Para um proxy reverso, lembre-se também do lado upstream. Se 4.000 clientes estão esperando por respostas com proxy, o Nginx também pode estar segurando milhares de sockets upstream. É por isso que um servidor pode ficar sem descritores de arquivo antes que o cálculo simples do lado do cliente diga que deveria. Isso é especialmente visível quando a aplicação upstream desacelera: as requisições ficam abertas por mais tempo, a concorrência aumenta, e o Nginx começa a consumir mais sockets mesmo que a taxa de requisições recebidas não tenha mudado.

As configurações de keep-alive também influenciam isso. Timeouts keep-alive longos reduzem a rotatividade de conexões, o que pode ajudar sites ocupados, mas também mantêm sockets ociosos por mais tempo. Timeouts keep-alive muito curtos liberam sockets mais rápido, mas podem aumentar handshakes TLS e sobrecarga de estabelecimento de conexão. Não há valor perfeito; use a forma do tráfego como guia. Um site público com muitas visitas curtas pode precisar de um equilíbrio diferente de uma API interna com um pequeno número de clientes persistentes.

Se você está ajustando dentro de um contêiner, verifique os limites dentro do contêiner e no nível do host ou orquestrador. Um pod Kubernetes, contêiner Docker, ou serviço systemd pode ter um limite nofile menor que o shell do host que você usou para testar. Sempre verifique o processo Nginx em execução, não apenas sua sessão de login.

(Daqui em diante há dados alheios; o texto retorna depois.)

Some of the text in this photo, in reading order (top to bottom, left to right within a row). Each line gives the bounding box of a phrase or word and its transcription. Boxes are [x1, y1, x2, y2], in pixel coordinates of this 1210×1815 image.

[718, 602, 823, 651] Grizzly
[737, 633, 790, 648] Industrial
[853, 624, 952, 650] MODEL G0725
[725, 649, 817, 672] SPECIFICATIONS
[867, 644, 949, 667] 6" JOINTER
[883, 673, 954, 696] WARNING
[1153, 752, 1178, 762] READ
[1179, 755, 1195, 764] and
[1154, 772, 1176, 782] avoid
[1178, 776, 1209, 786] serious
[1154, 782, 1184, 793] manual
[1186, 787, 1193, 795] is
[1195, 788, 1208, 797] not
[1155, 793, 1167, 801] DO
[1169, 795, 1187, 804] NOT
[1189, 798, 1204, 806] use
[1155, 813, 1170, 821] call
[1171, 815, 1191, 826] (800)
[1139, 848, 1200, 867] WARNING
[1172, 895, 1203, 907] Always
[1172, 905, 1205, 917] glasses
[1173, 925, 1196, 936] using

Resumo das Melhores Práticas

Diretiva Valor Recomendado Justificativa
worker_processes auto (ou contagem de núcleos) Garante utilização ótima da CPU e minimiza sobrecarga de troca de contexto.
worker_connections Comece com alguns milhares; aumente com base na concorrência medida Fornece margem de conexão sem esconder outros gargalos.
Limite do SO (ulimit -n) Maior que as necessidades de conexão por trabalhador, com espaço extra Fornece descritores de arquivo para sockets de cliente, sockets upstream, logs e arquivos de cache.
multi_accept Teste antes de ativar Pode ajudar com picos, mas não é automaticamente melhor para toda carga de trabalho.

A melhor configuração de trabalhador do Nginx é geralmente simples: worker_processes auto, um limite de conexão que reflete a concorrência real, e limites de descritores de arquivo que são altos o suficiente para a carga de trabalho. Ajuste, verifique os limites do processo ativo, e continue observando o log de erros. Se os sintomas apontarem para upstream, corrija o upstream em vez de fazer o Nginx aceitar mais trabalho do que a aplicação pode terminar.